Dionne hasn't signed a contract with the Rangers yet, but it is believed he was offered two years and an option year. He'll likely earn less than the $600,000 a year he made with the Kings, but can make up the difference in bonuses.
"Money was not an issue," he said. "I would go somewhere else and take less money. Deep down, I was hoping this would not happen. But I had the feeling that there was not going to be other things for me there, and it was better for me to go."
Dionne said it was especially hard to leave the three King rookies he has helped this season. Two of them, Jimmy Carson and Luc Robitaille, spent Tuesday afternoon at his home. "I shed tears, I cried all day today," he said. "I'm proud of them. They've watched the whole situation. Jimmy was handling all the messages and Luc took care of my kids. I'm so proud I could do something for them."
Dionne was assigned his old number, 16, after Ranger center Kelly Kisio gave it up.

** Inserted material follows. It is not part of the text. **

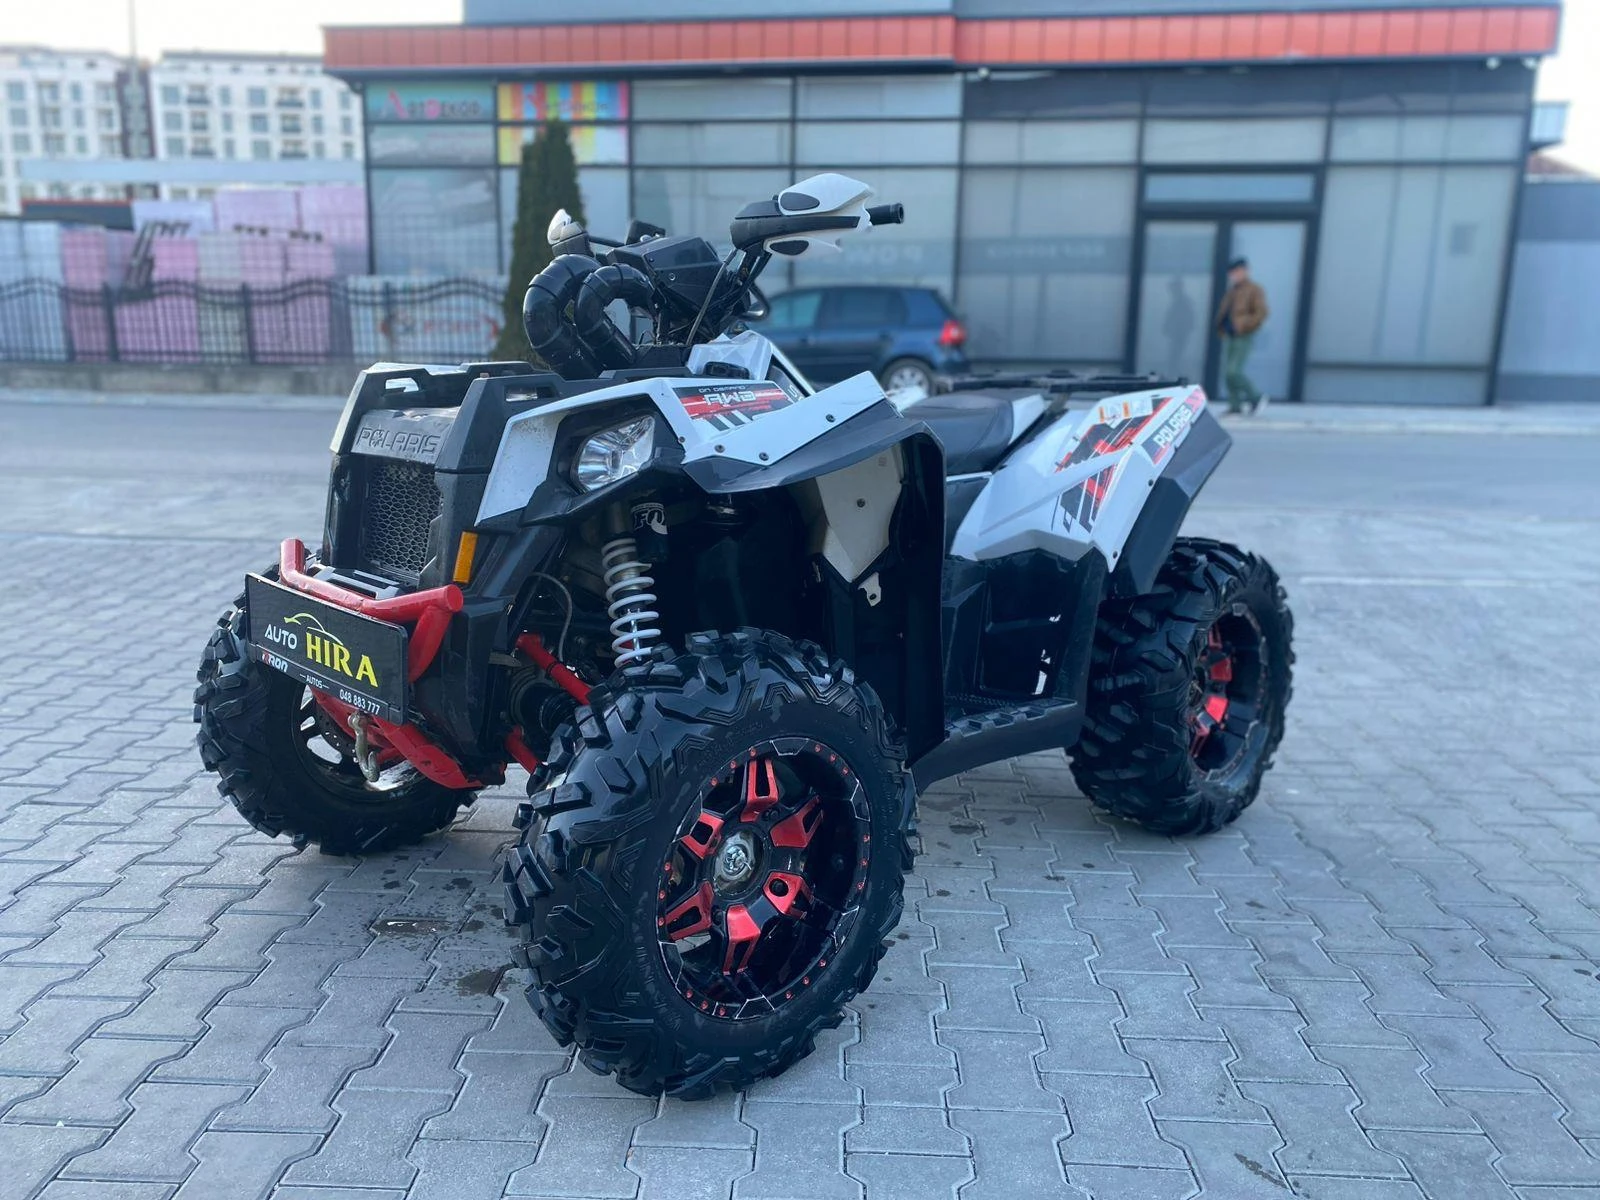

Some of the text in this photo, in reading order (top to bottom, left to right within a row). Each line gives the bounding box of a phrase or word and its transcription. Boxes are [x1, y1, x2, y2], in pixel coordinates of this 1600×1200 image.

Dionne said he experienced a change from his King experiences as he walked into Madison Square Garden and was recognized by a fan. "That doesn't happen too much in L.A."
Meanwhile, the new Kings, Laidlaw and Carpenter, are expected to join the team today and both are expected to play Saturday night, when the Kings play the Quebec Nordiques at the Forum.

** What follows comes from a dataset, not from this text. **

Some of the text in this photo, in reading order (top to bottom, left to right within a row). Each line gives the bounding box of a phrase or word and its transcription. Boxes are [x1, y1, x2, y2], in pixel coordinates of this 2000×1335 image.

Both players expressed shock at the trade. Carpenter had only been acquired by New York from Washington Jan. 1. Laidlaw has played all of his seven NHL seasons with the Rangers.
"I was shocked, yes," Laidlaw said from his home in Rye Brook, N.Y., Tuesday. "I think the longer you're with a team, the less you feel you're going to be traded. Knowing that the trade deadline was coming up, and knowing Phil, I guess we all were waiting."
Laidlaw, at 6 feet 2 inches and 190 pounds, is exactly what the Kings were looking for--a big stay-at-home defenseman. He'll fill the hole left by Larry Playfair, who is out for the season after knee surgery.
"I talked with Rogie this morning," Laidlaw said. "He said they had offensive defensemen, and that they wanted someone like me. I know that it isn't a hockey hotbed out there, but it's a nice place."
Laidlaw was paired with King defenseman Grant Ledyard before the Rangers traded Ledyard to the Kings last season.
Both Laidlaw and Carpenter have one year and an option year left on their contracts.
Carpenter flew here Wednesday afternoon. His agent, Bob Murray, said in an interview from Boston that the trade had been an "enormous shock."
"Bobby felt he would be there (New York) for some time," Murray said. "I had heard some rumors but I dismissed them. I didn't think Phil would trade him. I didn't think Phil would give up on Bobby as quickly as he did. Obviously, Bobby has not been playing well, but that will change."
Carpenter, 23, has had 2 goals and 8 assists in 10 games with the Rangers.
"Bobby wants to fit in," Murray said. "He wants to play hockey and I think he'll get some playing time there."